1. Can we just conveniently pretend it doesn't exist?
Going by your definitions ("made from matter") we can´t. I don´t know what would be "convenient" about concluding otherwise, though.
2. Or do we say it does exists but as something other than matter (meaning existence doesn't equal matter after all, and it could therefore follow that we are more than just biology or matter)?
You at least can´t say that because it contradicts your own definition/premise.
However, if we´d let go off your strict definition and bring energy into the equation, things might look a bit different.
3. Or do we say it is just the way we 'experience' the brain neurons firing away, so what is 'experience', is experience something other than matter, so again, are we more than just biology or matter?

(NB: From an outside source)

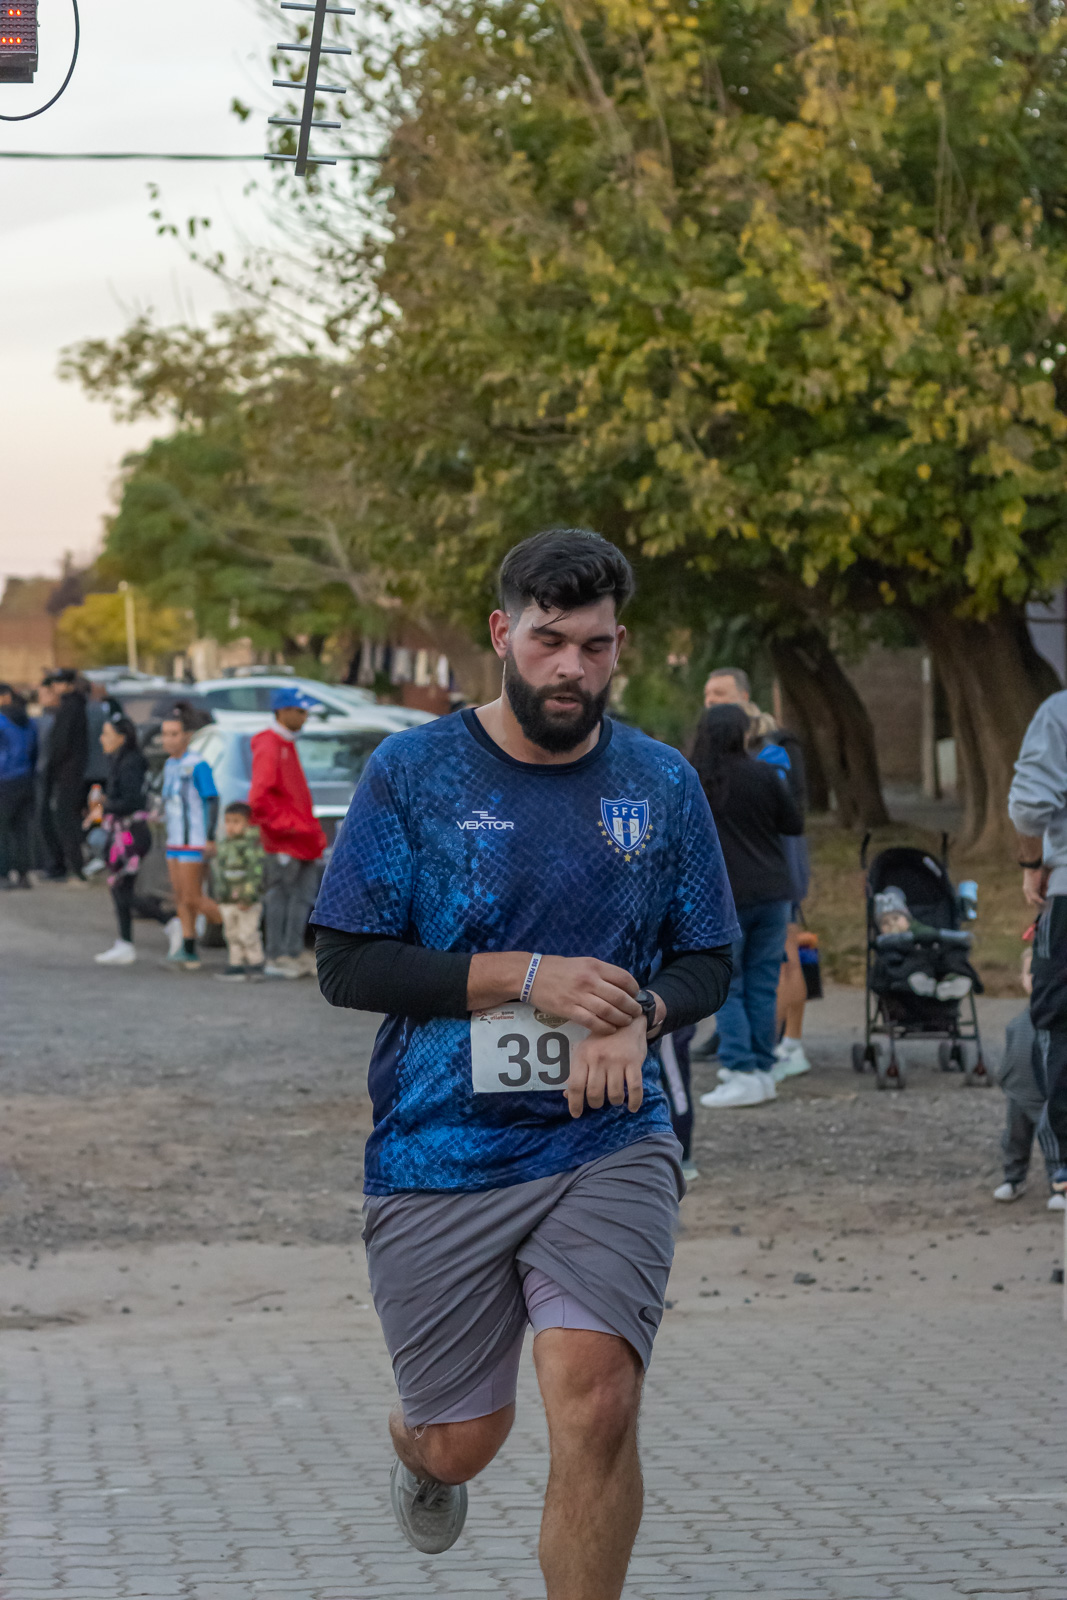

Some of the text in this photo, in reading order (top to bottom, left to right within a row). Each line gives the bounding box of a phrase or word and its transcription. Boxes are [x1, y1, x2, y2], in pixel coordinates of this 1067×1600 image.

[612, 806, 639, 817] SFC
[456, 820, 515, 830] VEKTOR
[497, 1031, 570, 1087] 39

I would - a bit sloppily - compare us to lightbulbs ("made of matter") that transform electricity (also "made of matter") into light (-> "made of matter"). I am not sure how this would require me to say that lightbulbs are "more than just matter".

How do we know which is the correct answer?
I don´t think there is a correct answer to such questions. They either are - to me - satisfactory explanations or they aren´t. On top, a lot is forced by the definitions used.

Possibly, replacing "existence equals matter" by "existence requires matter" helps, for starters.